ABOUT THIS TASK
Restate the entire listing word for word.

INFORMATION PROVIDED

========

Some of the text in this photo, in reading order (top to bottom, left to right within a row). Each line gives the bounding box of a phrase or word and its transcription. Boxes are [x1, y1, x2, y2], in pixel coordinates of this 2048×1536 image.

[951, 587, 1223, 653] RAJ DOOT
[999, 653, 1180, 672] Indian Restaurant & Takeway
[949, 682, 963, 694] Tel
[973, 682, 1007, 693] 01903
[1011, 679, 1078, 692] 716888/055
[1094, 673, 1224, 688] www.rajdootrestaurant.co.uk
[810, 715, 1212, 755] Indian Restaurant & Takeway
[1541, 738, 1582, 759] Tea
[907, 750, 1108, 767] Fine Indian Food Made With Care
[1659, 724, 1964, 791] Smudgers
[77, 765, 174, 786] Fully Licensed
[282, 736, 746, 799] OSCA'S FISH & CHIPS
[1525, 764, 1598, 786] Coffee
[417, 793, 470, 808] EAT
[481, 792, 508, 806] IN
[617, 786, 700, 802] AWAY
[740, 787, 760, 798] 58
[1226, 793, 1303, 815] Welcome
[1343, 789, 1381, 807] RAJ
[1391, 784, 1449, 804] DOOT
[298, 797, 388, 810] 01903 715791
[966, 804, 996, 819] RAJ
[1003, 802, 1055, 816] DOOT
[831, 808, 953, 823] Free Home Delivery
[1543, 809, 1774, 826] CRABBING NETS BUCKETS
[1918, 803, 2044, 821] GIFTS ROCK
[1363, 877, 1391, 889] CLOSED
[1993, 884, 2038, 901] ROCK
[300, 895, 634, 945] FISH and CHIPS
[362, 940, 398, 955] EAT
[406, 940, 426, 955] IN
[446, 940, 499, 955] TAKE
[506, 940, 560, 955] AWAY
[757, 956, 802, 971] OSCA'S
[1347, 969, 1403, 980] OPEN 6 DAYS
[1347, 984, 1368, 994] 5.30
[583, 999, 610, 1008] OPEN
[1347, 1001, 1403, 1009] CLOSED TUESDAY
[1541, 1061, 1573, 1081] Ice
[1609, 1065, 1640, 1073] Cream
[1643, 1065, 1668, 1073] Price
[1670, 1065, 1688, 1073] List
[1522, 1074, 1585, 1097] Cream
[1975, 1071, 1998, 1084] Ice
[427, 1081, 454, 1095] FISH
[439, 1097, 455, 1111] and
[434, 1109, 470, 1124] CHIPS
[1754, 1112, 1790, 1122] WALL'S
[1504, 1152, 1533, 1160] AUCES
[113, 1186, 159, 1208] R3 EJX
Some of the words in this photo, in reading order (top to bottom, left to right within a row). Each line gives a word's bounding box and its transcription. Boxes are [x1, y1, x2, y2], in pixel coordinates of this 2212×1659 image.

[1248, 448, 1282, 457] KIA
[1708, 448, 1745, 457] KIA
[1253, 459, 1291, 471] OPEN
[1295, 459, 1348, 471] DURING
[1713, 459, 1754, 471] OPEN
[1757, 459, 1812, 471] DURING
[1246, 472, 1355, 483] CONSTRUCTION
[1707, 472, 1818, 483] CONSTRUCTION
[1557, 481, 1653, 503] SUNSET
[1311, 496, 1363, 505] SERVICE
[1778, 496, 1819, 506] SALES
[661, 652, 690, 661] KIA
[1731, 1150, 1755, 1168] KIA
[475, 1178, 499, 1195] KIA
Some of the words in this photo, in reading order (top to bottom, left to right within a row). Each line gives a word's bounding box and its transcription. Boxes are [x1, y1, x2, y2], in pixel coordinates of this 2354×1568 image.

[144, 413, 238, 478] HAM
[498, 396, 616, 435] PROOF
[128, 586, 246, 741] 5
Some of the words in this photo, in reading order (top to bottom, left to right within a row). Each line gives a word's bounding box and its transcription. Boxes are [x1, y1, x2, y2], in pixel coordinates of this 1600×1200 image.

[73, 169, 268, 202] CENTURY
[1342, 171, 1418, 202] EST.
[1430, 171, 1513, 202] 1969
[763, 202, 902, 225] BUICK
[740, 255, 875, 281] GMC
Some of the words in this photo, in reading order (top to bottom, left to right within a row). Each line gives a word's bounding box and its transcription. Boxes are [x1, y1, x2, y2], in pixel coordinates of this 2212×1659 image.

========

TASK OUTPUT
Some of the text in this photo, in reading order (top to bottom, left to right within a row). Each line gives the bounding box of a phrase or word and its transcription. Boxes are [x1, y1, x2, y2], in pixel coordinates of this 2048×1536 image.

[951, 587, 1223, 653] RAJ DOOT
[999, 653, 1180, 672] Indian Restaurant & Takeway
[949, 682, 963, 694] Tel
[973, 682, 1007, 693] 01903
[1011, 679, 1078, 692] 716888/055
[1094, 673, 1224, 688] www.rajdootrestaurant.co.uk
[810, 715, 1212, 755] Indian Restaurant & Takeway
[1541, 738, 1582, 759] Tea
[907, 750, 1108, 767] Fine Indian Food Made With Care
[1659, 724, 1964, 791] Smudgers
[77, 765, 174, 786] Fully Licensed
[282, 736, 746, 799] OSCA'S FISH & CHIPS
[1525, 764, 1598, 786] Coffee
[417, 793, 470, 808] EAT
[481, 792, 508, 806] IN
[617, 786, 700, 802] AWAY
[740, 787, 760, 798] 58
[1226, 793, 1303, 815] Welcome
[1343, 789, 1381, 807] RAJ
[1391, 784, 1449, 804] DOOT
[298, 797, 388, 810] 01903 715791
[966, 804, 996, 819] RAJ
[1003, 802, 1055, 816] DOOT
[831, 808, 953, 823] Free Home Delivery
[1543, 809, 1774, 826] CRABBING NETS BUCKETS
[1918, 803, 2044, 821] GIFTS ROCK
[1363, 877, 1391, 889] CLOSED
[1993, 884, 2038, 901] ROCK
[300, 895, 634, 945] FISH and CHIPS
[362, 940, 398, 955] EAT
[406, 940, 426, 955] IN
[446, 940, 499, 955] TAKE
[506, 940, 560, 955] AWAY
[757, 956, 802, 971] OSCA'S
[1347, 969, 1403, 980] OPEN 6 DAYS
[1347, 984, 1368, 994] 5.30
[583, 999, 610, 1008] OPEN
[1347, 1001, 1403, 1009] CLOSED TUESDAY
[1541, 1061, 1573, 1081] Ice
[1609, 1065, 1640, 1073] Cream
[1643, 1065, 1668, 1073] Price
[1670, 1065, 1688, 1073] List
[1522, 1074, 1585, 1097] Cream
[1975, 1071, 1998, 1084] Ice
[427, 1081, 454, 1095] FISH
[439, 1097, 455, 1111] and
[434, 1109, 470, 1124] CHIPS
[1754, 1112, 1790, 1122] WALL'S
[1504, 1152, 1533, 1160] AUCES
[113, 1186, 159, 1208] R3 EJX
Some of the words in this photo, in reading order (top to bottom, left to right within a row). Each line gives a word's bounding box and its transcription. Boxes are [x1, y1, x2, y2], in pixel coordinates of this 2212×1659 image.

[1248, 448, 1282, 457] KIA
[1708, 448, 1745, 457] KIA
[1253, 459, 1291, 471] OPEN
[1295, 459, 1348, 471] DURING
[1713, 459, 1754, 471] OPEN
[1757, 459, 1812, 471] DURING
[1246, 472, 1355, 483] CONSTRUCTION
[1707, 472, 1818, 483] CONSTRUCTION
[1557, 481, 1653, 503] SUNSET
[1311, 496, 1363, 505] SERVICE
[1778, 496, 1819, 506] SALES
[661, 652, 690, 661] KIA
[1731, 1150, 1755, 1168] KIA
[475, 1178, 499, 1195] KIA
Some of the words in this photo, in reading order (top to bottom, left to right within a row). Each line gives a word's bounding box and its transcription. Boxes are [x1, y1, x2, y2], in pixel coordinates of this 2354×1568 image.

[144, 413, 238, 478] HAM
[498, 396, 616, 435] PROOF
[128, 586, 246, 741] 5
Some of the words in this photo, in reading order (top to bottom, left to right within a row). Each line gives a word's bounding box and its transcription. Boxes are [x1, y1, x2, y2], in pixel coordinates of this 1600×1200 image.

[73, 169, 268, 202] CENTURY
[1342, 171, 1418, 202] EST.
[1430, 171, 1513, 202] 1969
[763, 202, 902, 225] BUICK
[740, 255, 875, 281] GMC
Some of the words in this photo, in reading order (top to bottom, left to right within a row). Each line gives a word's bounding box and its transcription. Boxes are [x1, y1, x2, y2], in pixel coordinates of this 2212×1659 image.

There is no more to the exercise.